In case of existing libraries that don't already implement ``__array__`` but
would like to use duck array typing, it is advised that they introduce
both ``__array__`` and``__duckarray__`` methods.
Usage
-----
An example of how the ``__duckarray__`` protocol could be used to write a
``stack`` function based on ``concatenate``, and its produced outcome, can be
seen below. The example here was chosen not only to demonstrate the usage of
the ``duckarray`` function, but also to demonstrate its dependency on the NumPy
API, demonstrated by checks on the array's ``shape`` attribute. Note that the
example is merely a simplified version of NumPy's actual implementation of
``stack`` working on the first axis, and it is assumed that Dask has implemented
the ``__duckarray__`` method.
.. code:: python
def duckarray_stack(arrays):
arrays = [np.duckarray(arr) for arr in arrays]

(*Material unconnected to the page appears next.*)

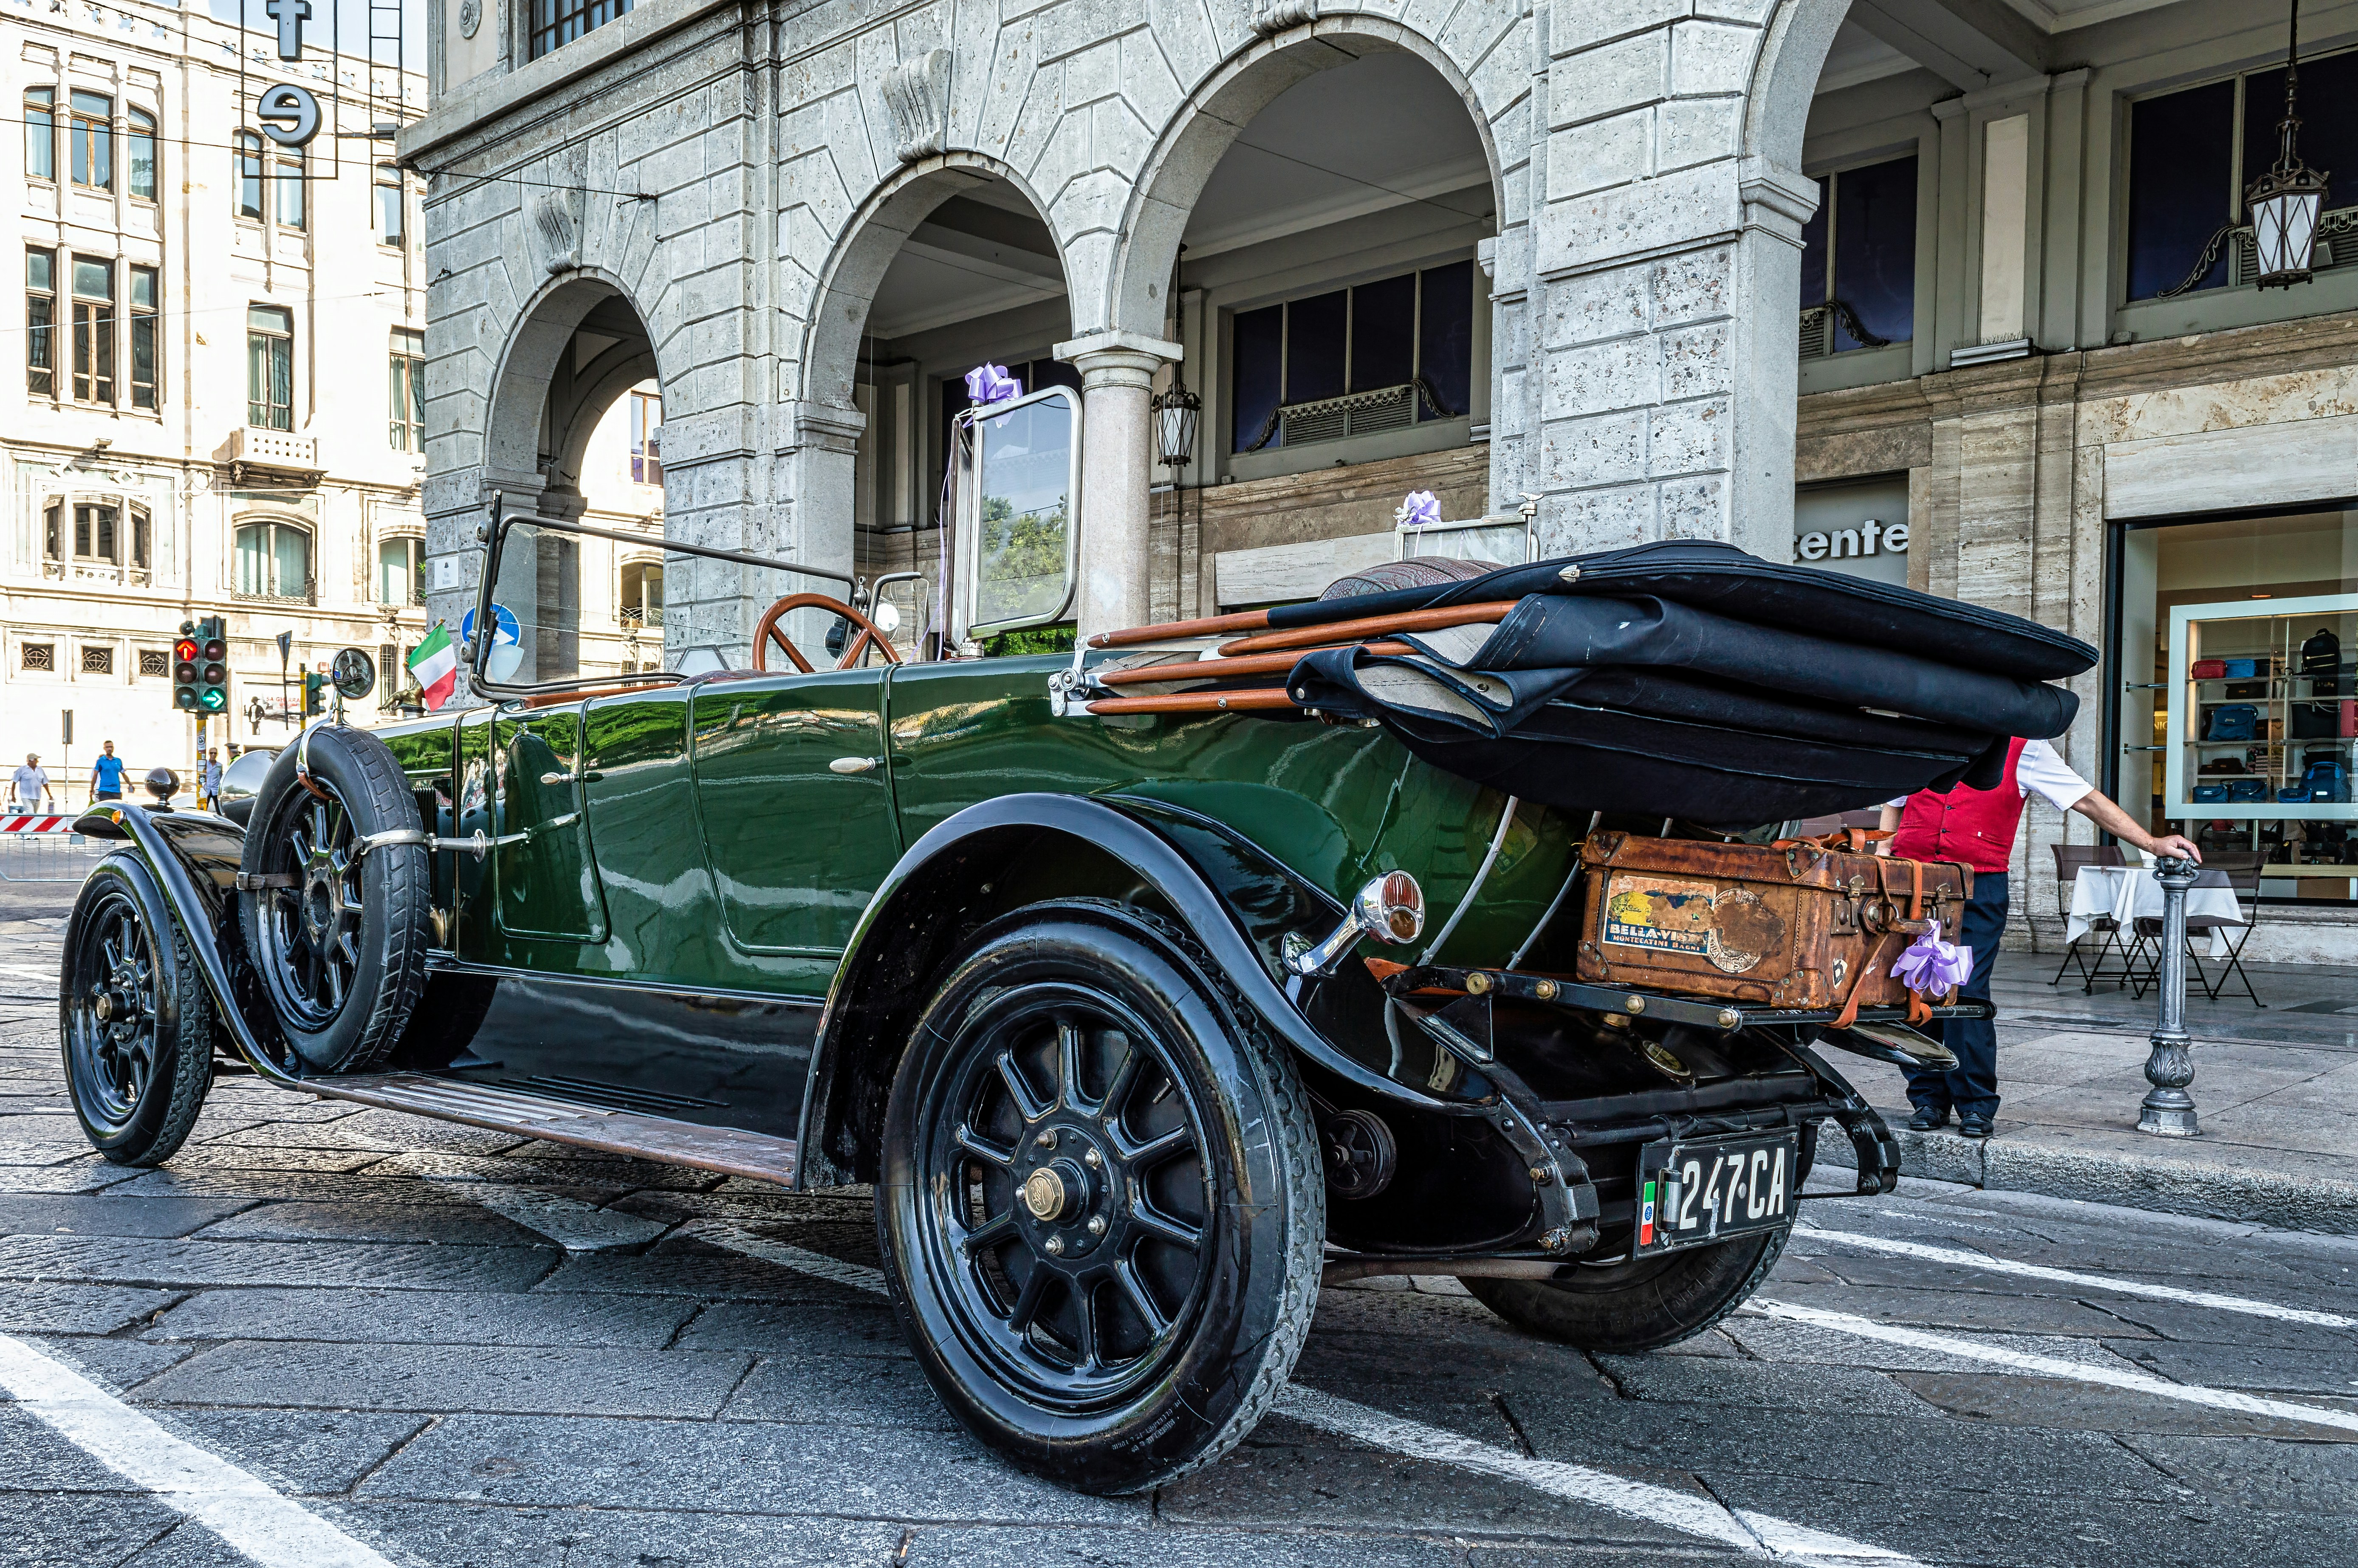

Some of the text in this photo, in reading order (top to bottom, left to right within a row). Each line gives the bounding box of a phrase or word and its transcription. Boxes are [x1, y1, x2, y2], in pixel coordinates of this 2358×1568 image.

[1793, 519, 1908, 561] ente
[1612, 935, 1700, 951] MONTECATINI BAGNI

shapes = {arr.shape for arr in arrays}
if len(shapes) != 1:
raise ValueError('all input arrays must have the same shape')
expanded_arrays = [arr[np.newaxis, ...] for arr in arrays]
return np.concatenate(expanded_arrays, axis=0)
dask_arr = dask.array.arange(10)
np_arr = np.arange(10)
np_like = list(range(10))
duckarray_stack((dask_arr, dask_arr)) # Returns dask.array
duckarray_stack((dask_arr, np_arr)) # Returns dask.array
duckarray_stack((dask_arr, np_like)) # Returns dask.array
In contrast, using only ``np.asarray`` (at the time of writing of this NEP, this
is the usual method employed by library developers to ensure arrays are
NumPy-like) has a different outcome:
.. code:: python
def asarray_stack(arrays):
arrays = [np.asanyarray(arr) for arr in arrays]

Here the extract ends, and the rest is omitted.